PS1-39 ECONOMIC TRENDS FROM 2004 – 2011 FOR CLOSTRIDIUM DIFFICILE INFECTION FOR INTENSIVE CARE AND OTHER INPATIENTS: A RETROSPECTIVE, COHORT STUDY

Sunday, October 18, 2015
Grand Ballroom EH (Hyatt Regency St. Louis at the Arch)
Poster Board # PS1-39

Matthew Hutcherson, BS1, Nicole Zimmerman, MS2, Chiedozie Udeh, MD3, J. Steven Hata, MD4, Joe Zein, MD5, Abhishek Deshpande, MD6, Simon Lam, PharmD, RPh7, Jarrod E. Dalton, PhD8 and Belinda Udeh, PhD, MPH1, (1)Department of Outcomes Research, Anesthesiology Institute, Cleveland Clinic, Cleveland, OH, (2)Departments of Outcomes Research and Quantitative Health Sciences, Cleveland Clinic, Cleveland, OH, (3)Critical Care Center and Department of Cardiothoracic Anesthesiology, Cleveland Clinic, Cleveland, OH, (4)Critical Care Center and Departments of General Anesthesiology and Cardiothoracic Anesthesiology, Cleveland Clinic, Cleveland, OH, (5)Departments of Pulmonary Medicine and Critical Care Medicine, Cleveland Clinic, Cleveland, OH, (6)Center for Value Based Care Research, Medicine Institute, Cleveland Clinic, Cleveland, OH, (7)Department of Pharmacy, Cleveland Clinic, Cleveland, OH, (8)Cleveland Clinic, Cleveland, OH
Purpose:   Clostridium difficileinfection (CDI) is a common nosocomial infection responsible for prolonged hospitalization, increased mortality, and increased cost.
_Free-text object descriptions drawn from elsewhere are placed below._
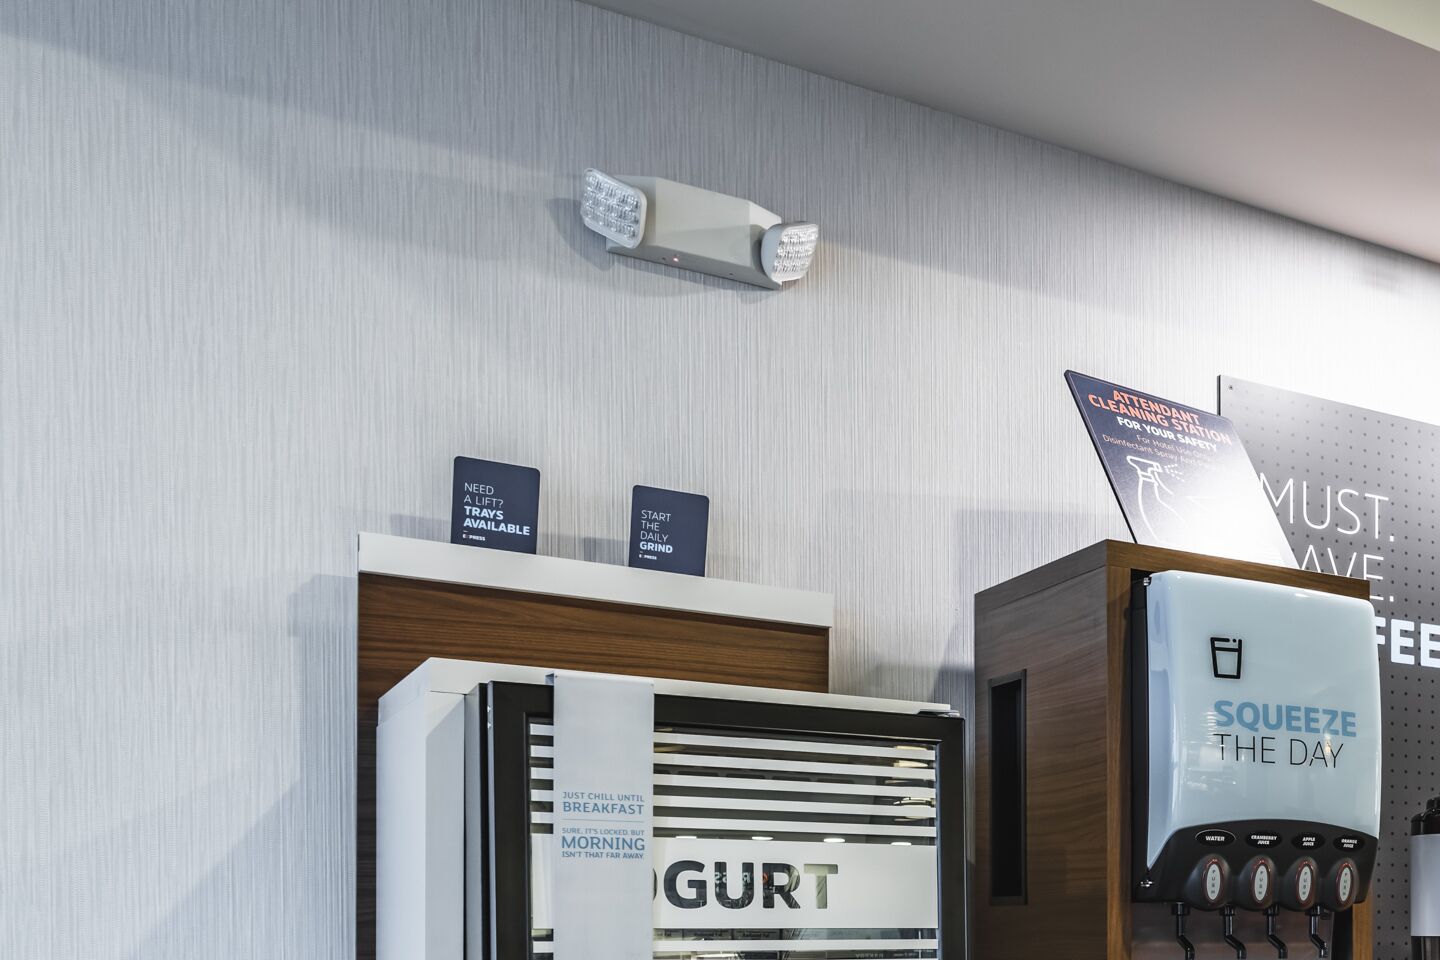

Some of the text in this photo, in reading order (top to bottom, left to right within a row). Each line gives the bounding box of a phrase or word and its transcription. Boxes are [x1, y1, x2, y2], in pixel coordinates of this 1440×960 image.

[1113, 390, 1199, 425] ATTENDANT
[1088, 394, 1232, 445] CLEANING STATION
[1117, 416, 1217, 452] FOR YOUR SAFETY
[1103, 434, 1153, 454] Disinfectant
[464, 482, 494, 495] NEED
[464, 495, 504, 509] A LIFT?
[1259, 472, 1394, 542] MUST.
[464, 506, 504, 520] TRAYS
[641, 509, 672, 522] START
[463, 518, 531, 536] AVAILABLE
[641, 520, 660, 532] THE
[462, 533, 486, 541] EPRESS
[640, 530, 669, 543] DAILY
[639, 541, 673, 554] GRIND
[1214, 700, 1357, 738] SQUEEZE
[1213, 733, 1344, 768] THE DAY
[562, 791, 645, 802] JUST CHILL UNTIL
[563, 801, 644, 815] BREAKFAST
[562, 836, 645, 851] MORNING
[584, 851, 603, 859] THAT
[652, 860, 839, 910] GURT
This study aimed to determine the time trends in incidence, mortality, and costs for CDI from 2004–2011 for all inpatients, and patients admitted to the intensive care unit (ICU).

Method:   Nearly 32 million inpatient discharges were analyzed between 2004 and 2011 from the California State Inpatient Database. CDI was defined by the ICD-9-CM code (008.45). Propensity matching was used, adjusting for potential confounding in 24,806 matched pairs. Quantile regression modeled incremental charges as the response variable and the year of discharge as the predictor to evaluate trends in incremental charges over time, adjusted to 2012 U.S. dollars. The model included an interaction between year of discharge and ICU status to assess whether trends differed by ICU status. Trends in incidence, mortality, incremental length of stay (LOS), and discharge destination were also evaluated.
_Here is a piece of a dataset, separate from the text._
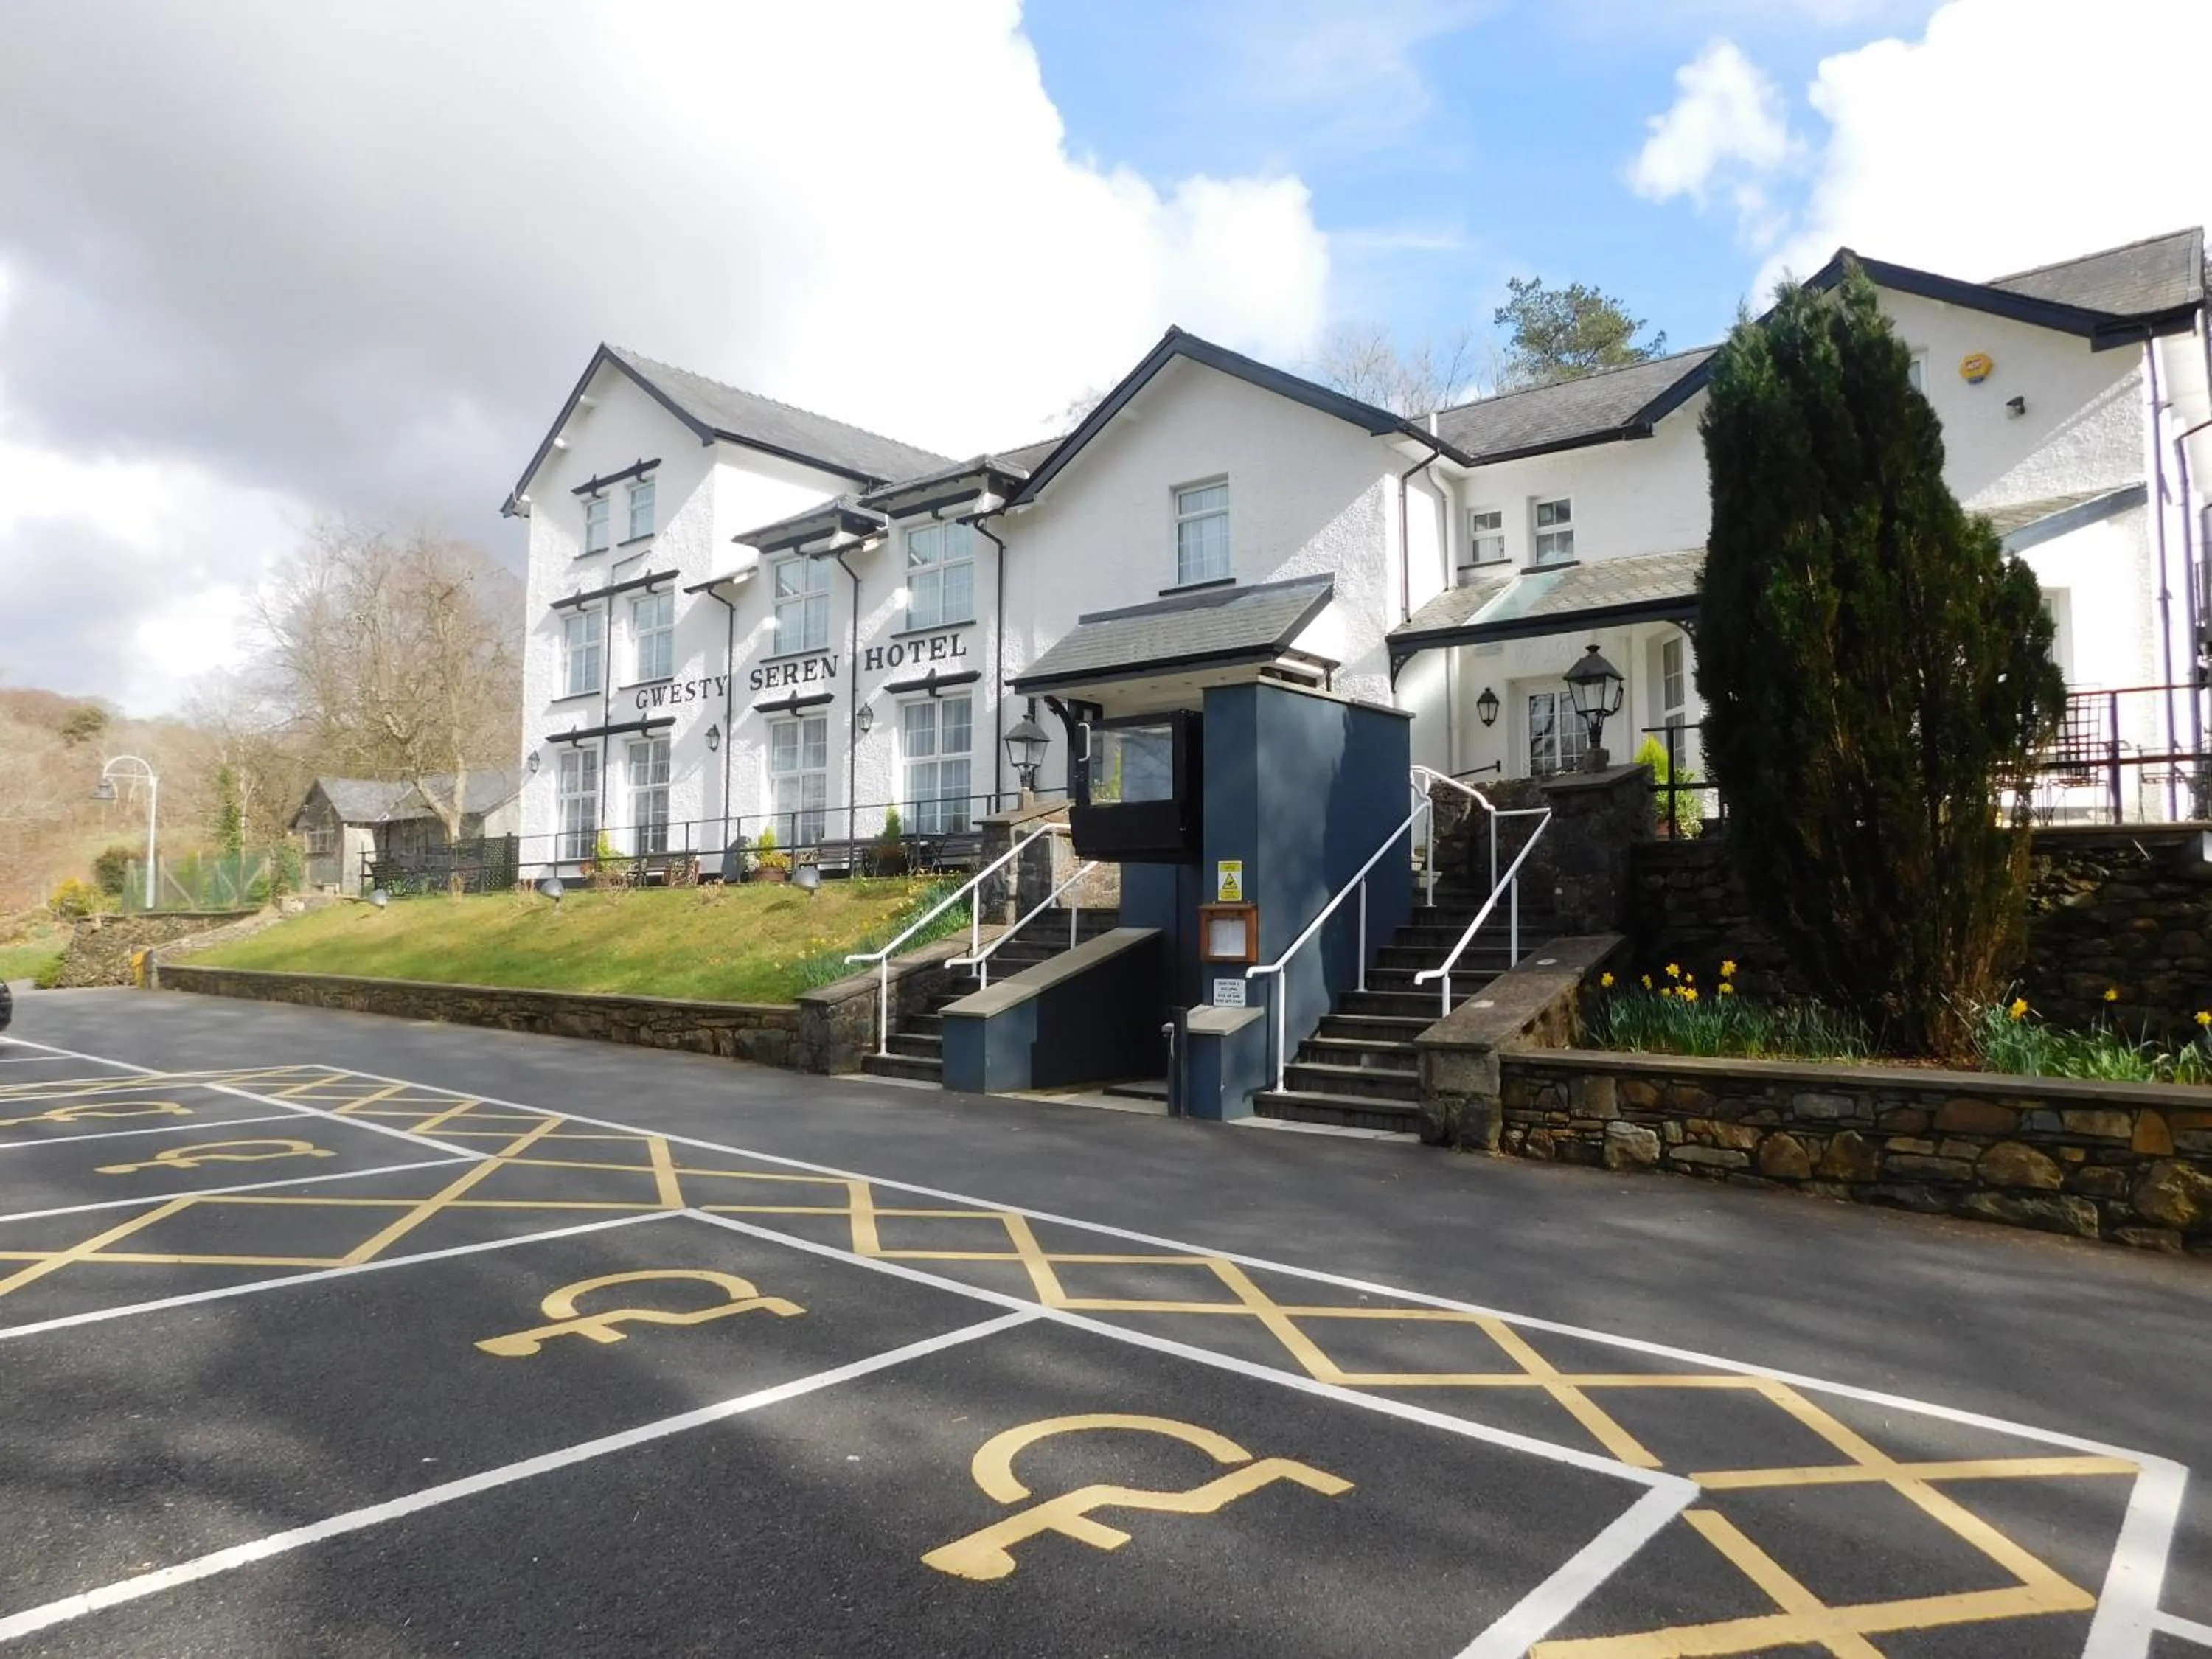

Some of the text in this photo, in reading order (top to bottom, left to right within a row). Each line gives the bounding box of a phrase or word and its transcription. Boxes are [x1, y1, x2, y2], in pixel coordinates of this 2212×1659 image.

[636, 633, 967, 709] GWESTY SEREN HOTEL
Result:   Median incremental charges were $115,000 [$17,000, $289,000] for all CDI inpatients and $193,000 [$6,000, $442,000] for CDI patients in ICU. The Wald test revealed a significant linear trend over time (P<0.001) for inpatients, with the median and 90th percentile annual decrease in incremental charges $5,170 [$2,760, $7,580] and $11,290 [$2,320, $20,250] respectively. Among ICU patients, there was a significant annual increase (P<0.001) of 90thpercentile incremental charges of $18,660 [$910, $36,400]. Median incremental LOS decreased annually by 0.46 [0.30, 0.61; P<0.001] days for inpatients and 0.39 [0.06,0.73; P<0.001] for ICU patients; the 90th percentile incremental LOS decreased annually by 1.19 [0.64,1.73; P<0.001] days among non-ICU patients but showed no linear trend among ICU patients. CDI patients were more likely to be transferred to a skilled-nursing facility, regardless of ICU status. The incidence of CDI was 3.90 cases per 1000 patients [95% CI: 3.86-3.95] with an in-hospital mortality of 17.5% [95% CI: 17.0%, 17.9%], with no significant time trends noted. 

Conclusion:   From 2004 – 2011, small decreases were seen in median charges and LOS for the inpatient and ICU population. With no changes in mortality, these decreases may be attributable to overall improvements in hospital efficiency rather than CDI care. The higher proportion of patients transferred to skilled-nursing may also contribute to these charge and LOS decreases.